Munich: Why the rents are said to be becoming more and more affordable – Munich

Thank God the good news is still there – even in dark times like these. Recently, for example, the Munich House and Landowners’ Association, a reputable organization that provides emotional support for people with extremely high tax burdens, let it be known that rents in Munich are “becoming more and more affordable”. It is understandable that Munich’s tenants then happily hugged each other, especially since the reasoning contained a second piece of good news:

Munich residents’ wages, according to the homeowners’ club, have risen by an average of almost 16 percent over the past six years, and one may add that it was certainly the low-wage recipients and other poor wretches who made the biggest bucks, of course at the expense of the better off. On the other hand, the rents – oh dear!

They grew by a measly twelve percent, which is practically nothing compared to the explosion in wages. It goes without saying that the people of Munich now easily pay their rent out of petty cash, apart from a few losers who now live in a prefabricated housing estate somewhere in the east.

In this context, an observation that the cabaret artist Maximilian Schafroth revealed in an interview with the SZ is revealing: “Those who own entire streets in Munich have holes in their jackets.” Schafroth is familiar with assets, he trained as a bank clerk, a profession that provides the deepest insights into human life.

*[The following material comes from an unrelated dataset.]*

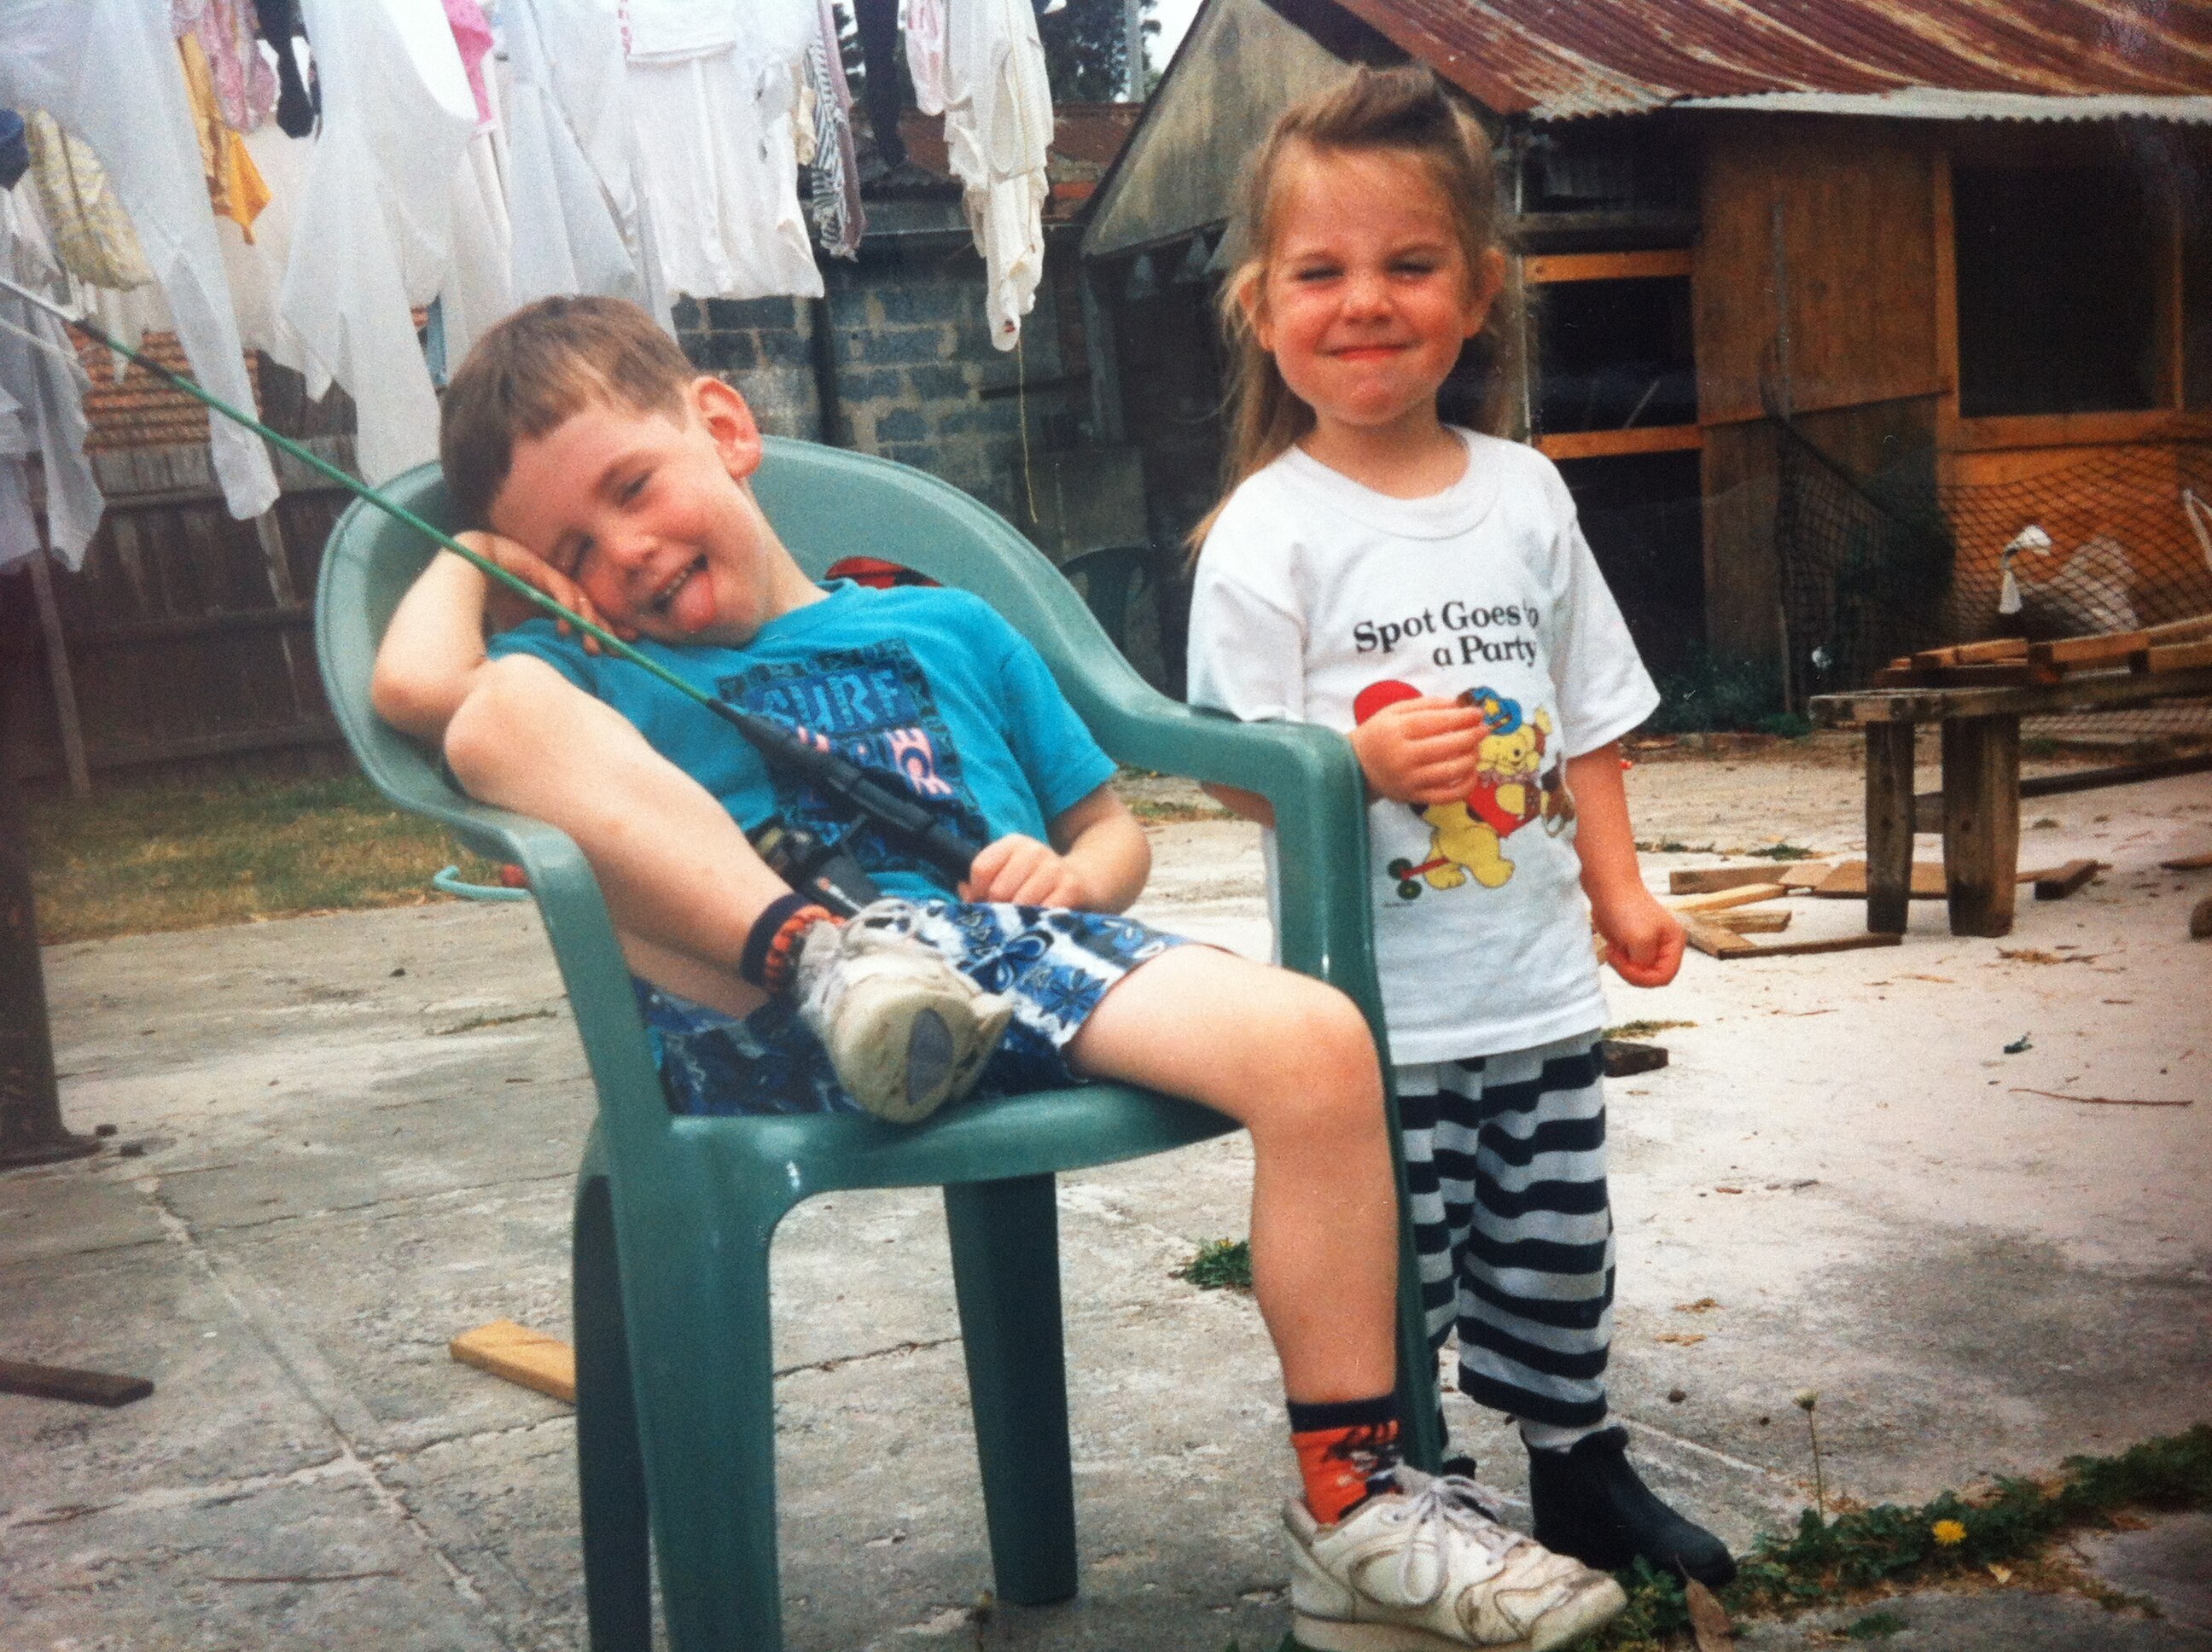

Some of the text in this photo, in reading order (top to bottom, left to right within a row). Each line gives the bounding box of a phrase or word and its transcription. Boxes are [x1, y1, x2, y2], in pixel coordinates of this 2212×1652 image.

It is true that people sometimes stand there in front of the doctor without clothes, but they are only really naked in the face of their bank advisor. A glance at the account is enough for him to know whether the customer is still halfway free or already a servant of the bank. In this way, Schafroth noticed that the really big property owners rarely come along as glamorously as the usual Untergiesinger basement tenants with their Ferraris and Rolex watches.

But why is it like that? Up until now it was thought that a person who owned half of Pasing or Haidhausen wore his clothes out of sheer stinginess until they fell off his body in shreds. That would by no means be reprehensible, especially not in Munich, where an almost Swabian pathological thriftiness had gripped King Ludwig I, who wore the same dressing gown for 60 years.

After the startling announcement from the homeowners’ association, however, the matter with the holey jackets appears in a completely different light. Real estate owners, who are dependent on general income trends, simply can no longer afford new clothes. In view of this need, everyone in Munich would do well to slip a few euros to a passer-by who comes along in shabby gear like King Ludwig. It could be your own landlord.